# Task to carry out:
Reproduce the listing below in full and without alteration, apart from its pictures.

# Supplied material:
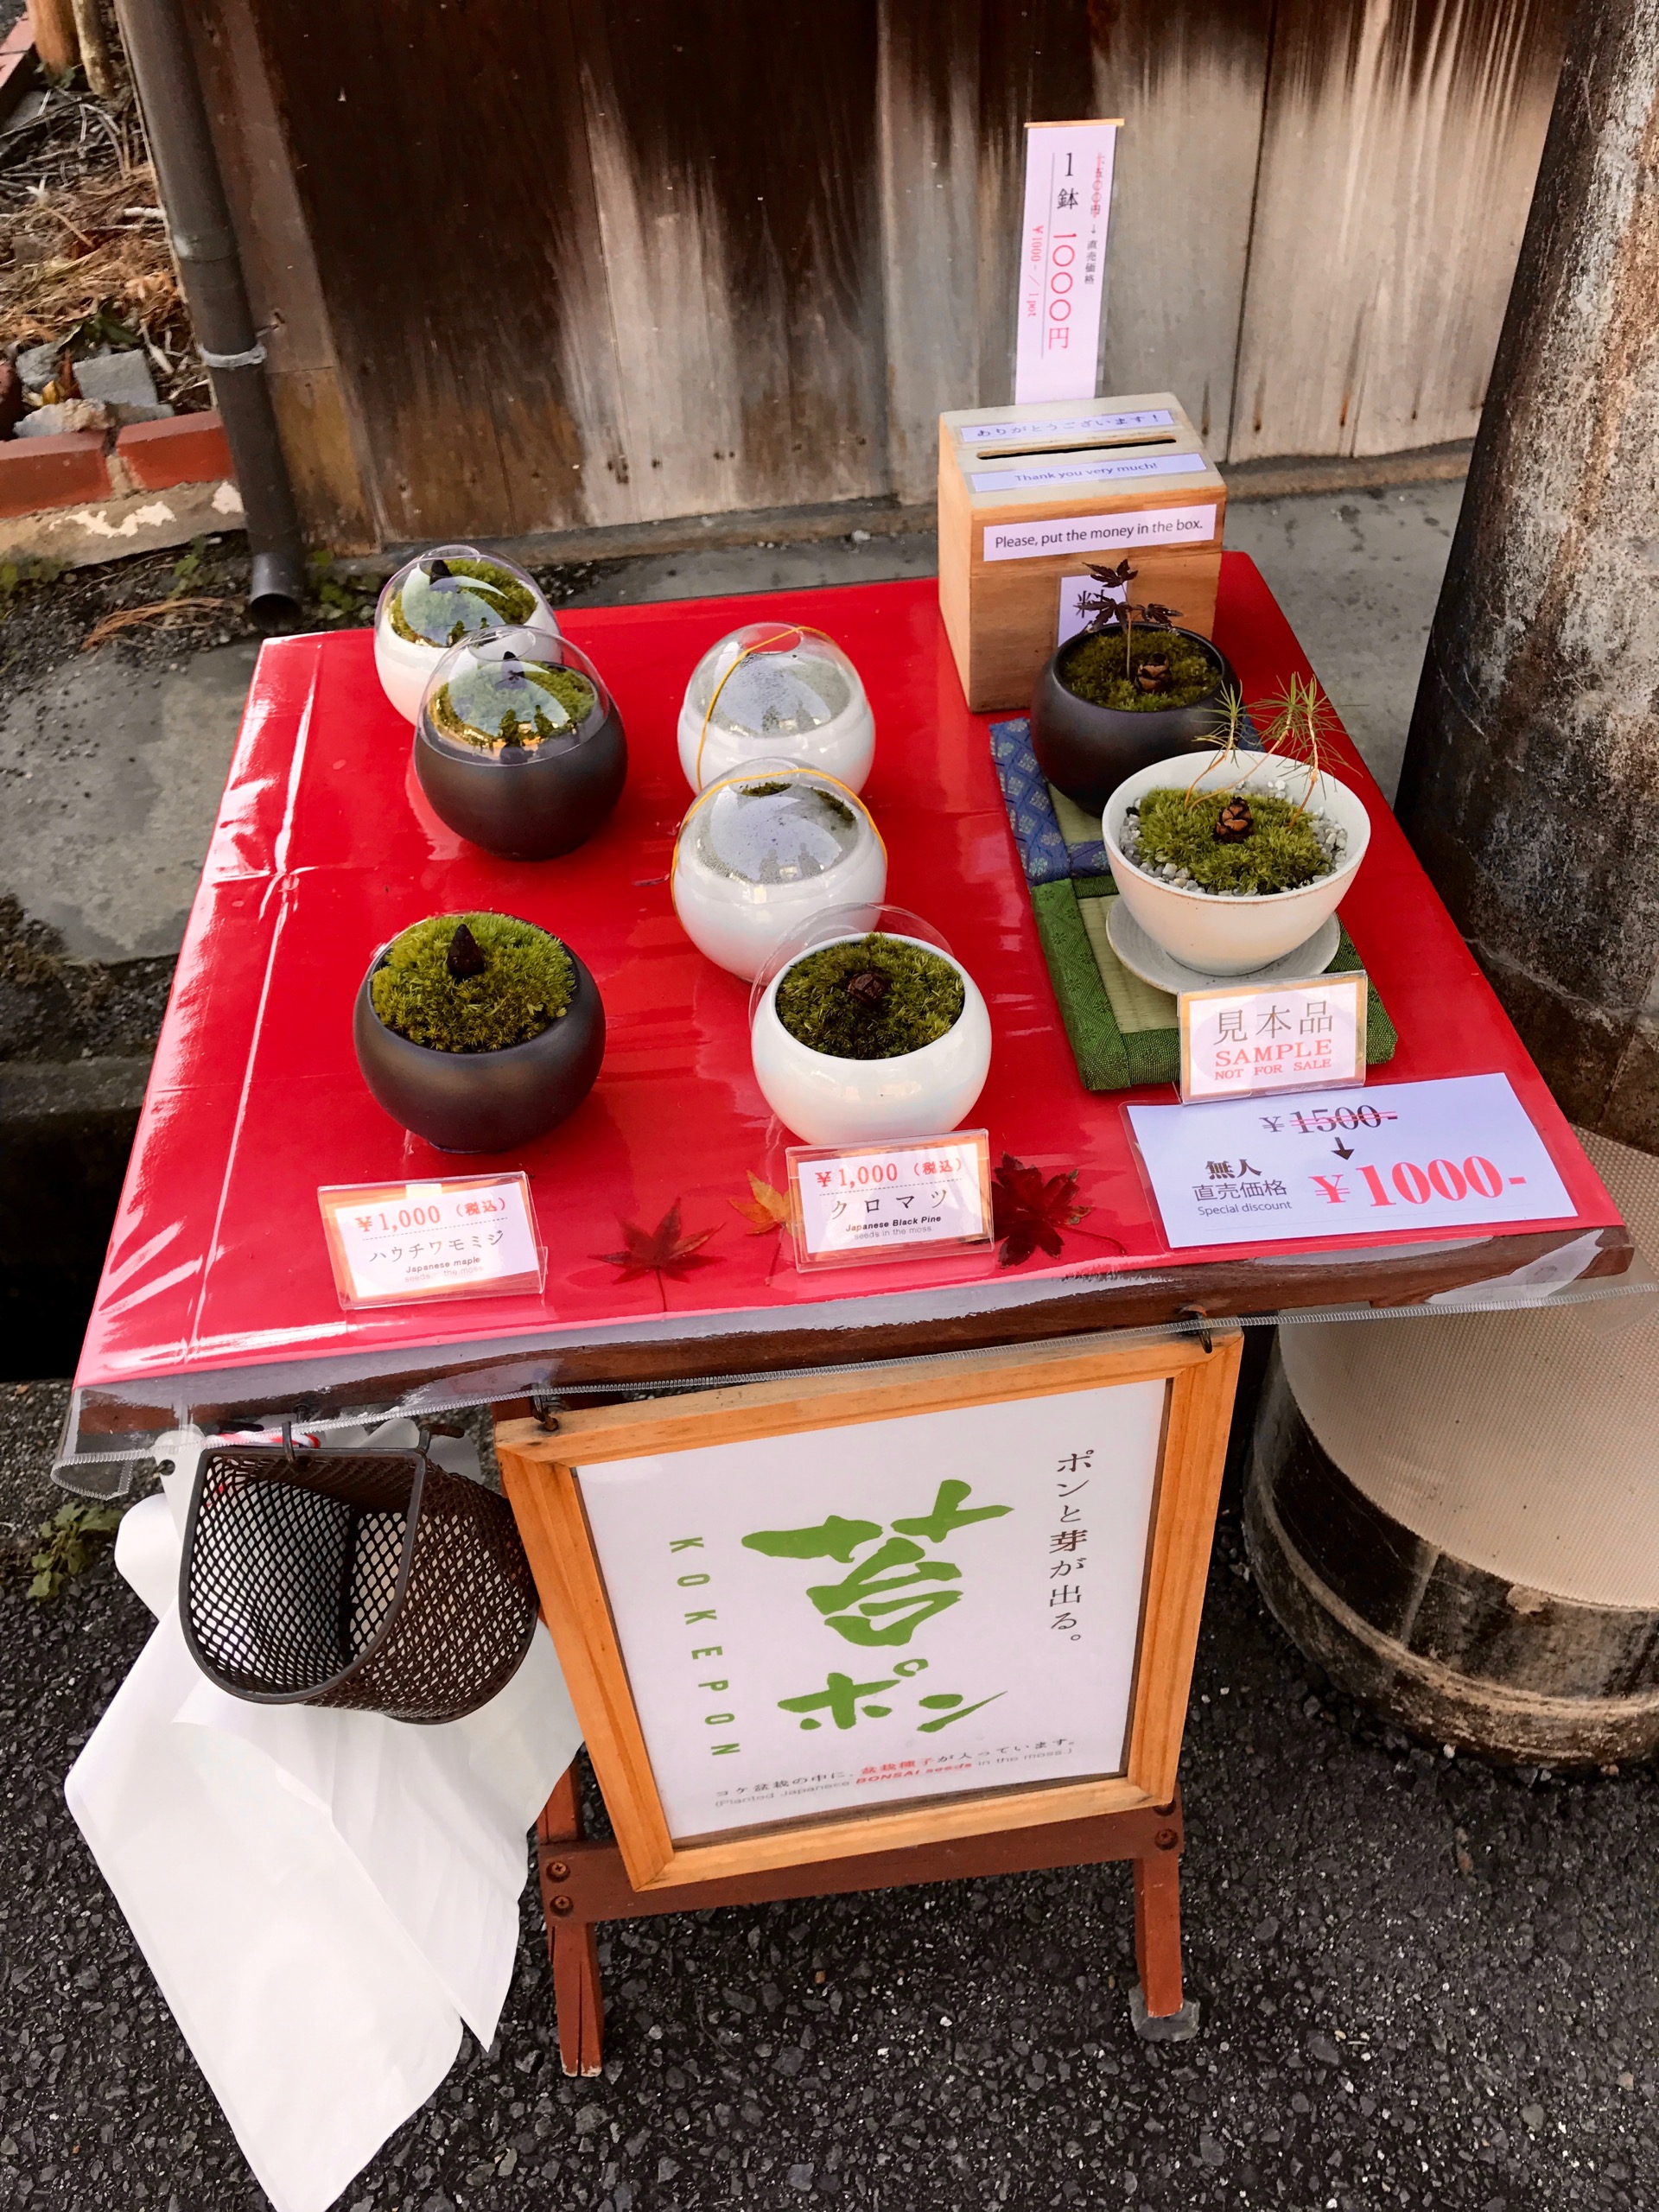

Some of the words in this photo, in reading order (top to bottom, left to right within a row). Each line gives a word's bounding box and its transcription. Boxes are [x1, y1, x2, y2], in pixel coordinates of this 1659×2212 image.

[1014, 471, 1055, 482] Thank
[1058, 470, 1082, 480] you
[1085, 467, 1113, 477] very
[1116, 462, 1158, 472] much!
[995, 535, 1038, 550] Please,
[1041, 532, 1063, 546] put
[1066, 529, 1087, 542] the
[1090, 524, 1135, 540] money
[1137, 523, 1149, 535] in
[1152, 521, 1173, 533] the
[1176, 518, 1204, 531] box.
[1213, 1000, 1333, 1046] 見本品
[1215, 1039, 1332, 1067] SAMPLE
[1214, 1068, 1244, 1080] NOT
[1254, 1065, 1283, 1076] FOR
[1293, 1058, 1332, 1071] SALE
[815, 1163, 898, 1189] ¥1,000
[1205, 1159, 1262, 1179] 無人
[1192, 1179, 1287, 1202] 直売価格
[831, 1189, 947, 1220] クロマツ
[1198, 1203, 1239, 1217] Special
[1242, 1200, 1293, 1213] discount
[354, 1205, 441, 1232] ¥1,000
[845, 1221, 890, 1232] Japanese
[893, 1217, 918, 1227] Black
[921, 1215, 942, 1224] Pine
[368, 1230, 505, 1262] ハウチワモミジ
[854, 1230, 880, 1241] seeds
[909, 1225, 931, 1234] moss
[406, 1262, 450, 1274] Japanese
[453, 1256, 480, 1267] maple
[1049, 1449, 1095, 1642] ポンと芽が出る。
[669, 1536, 741, 1756] KOKEPON
[780, 1780, 850, 1796] Japanese
[855, 1770, 920, 1785] BONSAI
[926, 1763, 973, 1774] seeds
[978, 1758, 992, 1766] in
[996, 1752, 1019, 1764] the
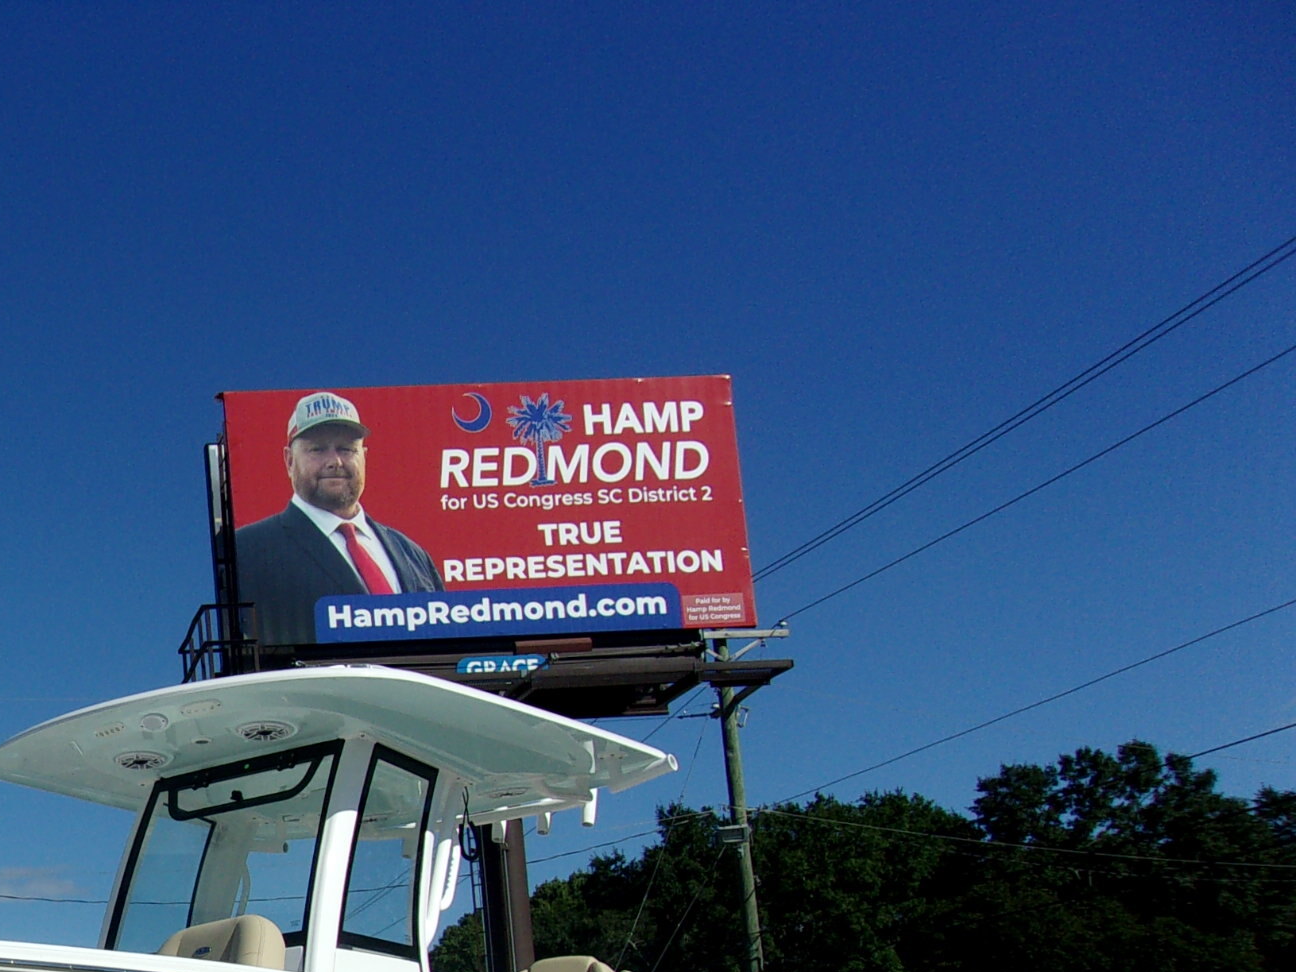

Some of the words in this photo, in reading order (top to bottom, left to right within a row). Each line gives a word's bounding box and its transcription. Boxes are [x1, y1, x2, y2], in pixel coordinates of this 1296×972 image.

[583, 400, 704, 436] HAMP
[440, 440, 710, 488] REDMOND
[440, 494, 468, 511] for
[473, 493, 499, 509] US
[503, 489, 593, 510] Congress
[597, 488, 623, 505] SC
[628, 486, 697, 504] District
[701, 485, 713, 502] 2
[537, 520, 623, 547] TRUE
[443, 549, 724, 583] REPRESENTATION
[327, 592, 668, 631] HampRedmond.com
[466, 658, 538, 674] GRACE
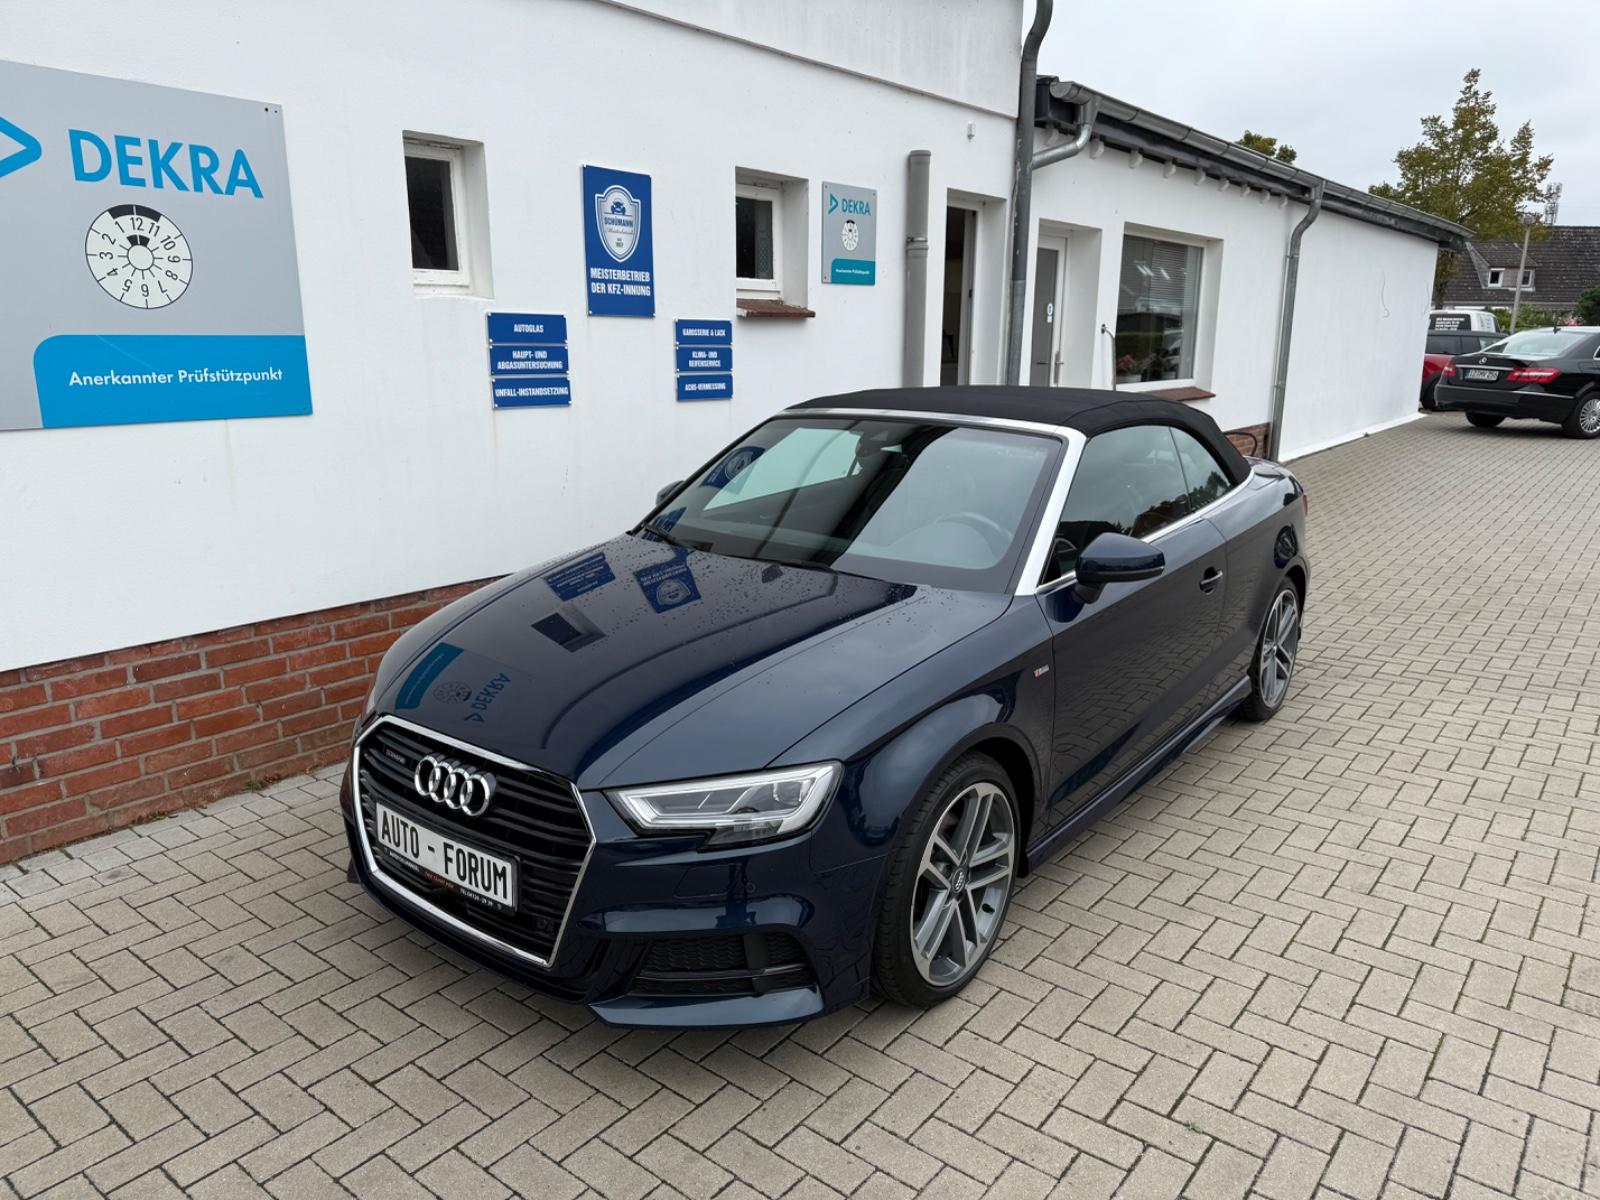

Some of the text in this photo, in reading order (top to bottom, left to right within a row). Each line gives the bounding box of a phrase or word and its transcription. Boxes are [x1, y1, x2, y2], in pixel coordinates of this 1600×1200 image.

# Task answer:
Some of the words in this photo, in reading order (top to bottom, left to right within a row). Each line gives a word's bounding box and its transcription. Boxes are [x1, y1, x2, y2], in pixel coordinates of this 1659×2212 image.

[1014, 471, 1055, 482] Thank
[1058, 470, 1082, 480] you
[1085, 467, 1113, 477] very
[1116, 462, 1158, 472] much!
[995, 535, 1038, 550] Please,
[1041, 532, 1063, 546] put
[1066, 529, 1087, 542] the
[1090, 524, 1135, 540] money
[1137, 523, 1149, 535] in
[1152, 521, 1173, 533] the
[1176, 518, 1204, 531] box.
[1213, 1000, 1333, 1046] 見本品
[1215, 1039, 1332, 1067] SAMPLE
[1214, 1068, 1244, 1080] NOT
[1254, 1065, 1283, 1076] FOR
[1293, 1058, 1332, 1071] SALE
[815, 1163, 898, 1189] ¥1,000
[1205, 1159, 1262, 1179] 無人
[1192, 1179, 1287, 1202] 直売価格
[831, 1189, 947, 1220] クロマツ
[1198, 1203, 1239, 1217] Special
[1242, 1200, 1293, 1213] discount
[354, 1205, 441, 1232] ¥1,000
[845, 1221, 890, 1232] Japanese
[893, 1217, 918, 1227] Black
[921, 1215, 942, 1224] Pine
[368, 1230, 505, 1262] ハウチワモミジ
[854, 1230, 880, 1241] seeds
[909, 1225, 931, 1234] moss
[406, 1262, 450, 1274] Japanese
[453, 1256, 480, 1267] maple
[1049, 1449, 1095, 1642] ポンと芽が出る。
[669, 1536, 741, 1756] KOKEPON
[780, 1780, 850, 1796] Japanese
[855, 1770, 920, 1785] BONSAI
[926, 1763, 973, 1774] seeds
[978, 1758, 992, 1766] in
[996, 1752, 1019, 1764] the

Some of the words in this photo, in reading order (top to bottom, left to right within a row). Each line gives a word's bounding box and its transcription. Boxes are [x1, y1, x2, y2], in pixel coordinates of this 1296×972 image.

[583, 400, 704, 436] HAMP
[440, 440, 710, 488] REDMOND
[440, 494, 468, 511] for
[473, 493, 499, 509] US
[503, 489, 593, 510] Congress
[597, 488, 623, 505] SC
[628, 486, 697, 504] District
[701, 485, 713, 502] 2
[537, 520, 623, 547] TRUE
[443, 549, 724, 583] REPRESENTATION
[327, 592, 668, 631] HampRedmond.com
[466, 658, 538, 674] GRACE

Some of the text in this photo, in reading order (top to bottom, left to right within a row). Each line gives the bounding box of a phrase or word and its transcription. Boxes are [x1, y1, x2, y2], in pixel coordinates of this 1600×1200 image.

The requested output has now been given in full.